FIG. 3 shows an embodiment wherein gathering DNS data includes obtaining a Start of Authority (SOA) record from a database (50); fetching a current SOA record from a remote nameserver (52); checking for a change in the SOA record serial number (54); if SOA serial number is unchanged going repeating the first step (56), otherwise checking if zone transfer is allowed (58); if transfer is not allowed, then scanning domain (60); if transfer is allowed, then transferring zone (62); entering new data into the database (64); obtaining new additional data (64); and entering additional data into the database (66). The process and methodology of these steps are further described herein below.
FIG. 4 shows an embodiment of wherein providing processed data to a second processing apparatus includes determining an update schedule at the second processing apparatus (70), connecting to a distribution update server at the first processing apparatus (72), requesting any changes to processed data set since previous request (74), querying distribution update server for available updates to processed data set (76), if no updates are available, then downloading entire processed data set (78), if updates are available, then downloading updates to processed data set (80). Certain preferred embodiments further include sending, from the second processing apparatus to the first processing apparatus, data regarding requests made but not in distribution update server (82).
 The following is a discussion of the operation and methodology of certain preferred embodiments. The examples are provided for illustrative purposes. Those skilled in the art will recognize various other embodiments given the benefit of this disclosure.
 DNS Data
 The process of gathering and maintaining data is described with additional reference to FIGS. 1, 2 and 3. Because certain preferred embodiments of the disclosed system provide a way to accelerate access to information that is already publicly available, the data may be freely gathered over the Internet. There currently are three principal sources of this data, as shown in FIG. 1: The DNS system itself, denoted at (3), domain registrars, and “routing registries,” denoted as (5), which backbone providers maintain for their networks. Information stored in these routing registries includes, e.g., network blocks, the AS-number to which they are assigned, contacts for the network blocks, and the address at which the block is deployed. The disclosed system employs the DNS system as the source of hostnames and the routing registries as the source of synthesized names, country codes, and AS-number options.
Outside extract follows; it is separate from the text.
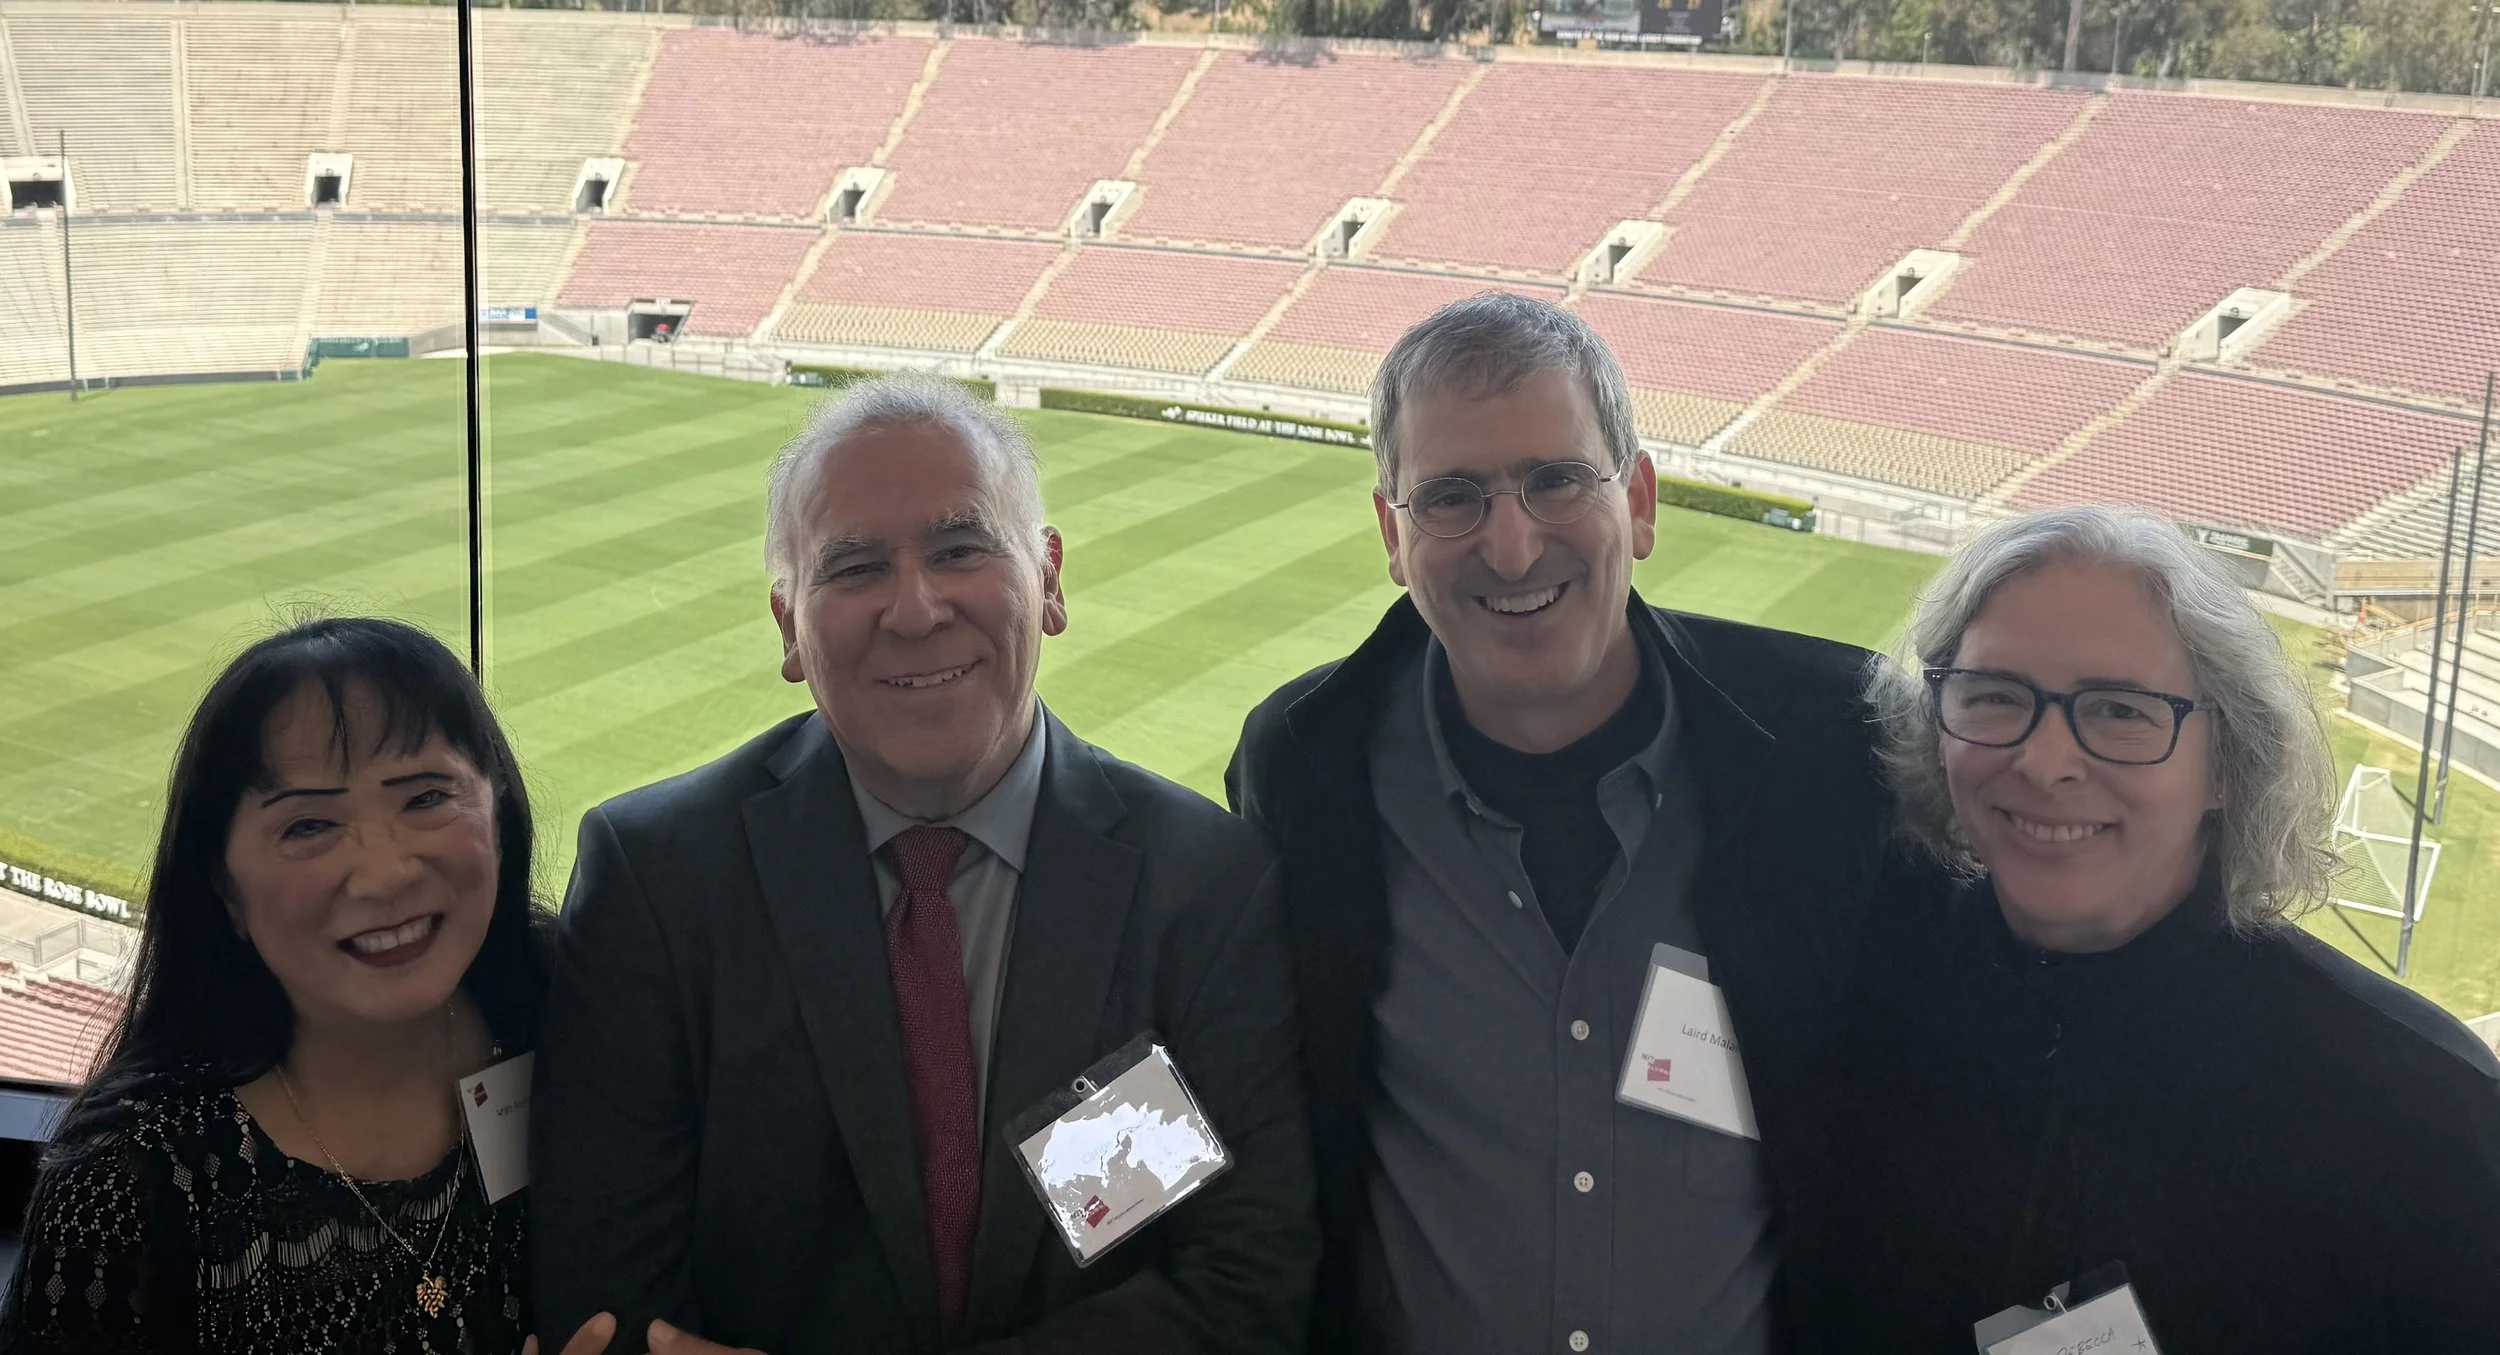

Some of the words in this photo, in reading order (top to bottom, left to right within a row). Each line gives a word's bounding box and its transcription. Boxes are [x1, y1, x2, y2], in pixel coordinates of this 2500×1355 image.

[9, 865, 42, 892] THE
[43, 877, 83, 904] ROSE
[85, 889, 131, 918] BOWL
[1681, 1023, 1708, 1041] Laird
 Currently, there are over four billion IP addresses available to the Internet today with the current version, version 4, of the Internet Protocol. Over 200 million of them have host names entered into the DNS system. The task of gathering all available DNS data is significant. As described in greater detail below, certain preferred embodiments of the disclosed system start with the in-addr.arpa “zone” file that lists the domains and their name servers. These name servers are then divided into two categories depending on whether they allow “zone transfers.” Zone transfers are a standard mechanism by which all entries in a particular domain, or “zone” are transferred as a single file. Zone transfers have traditionally been allowed from anywhere on the Internet. In the last several years, however, some administrators have disabled this feature for reasons of security. This practice does not necessarily stop the data gathering process of the disclosed system.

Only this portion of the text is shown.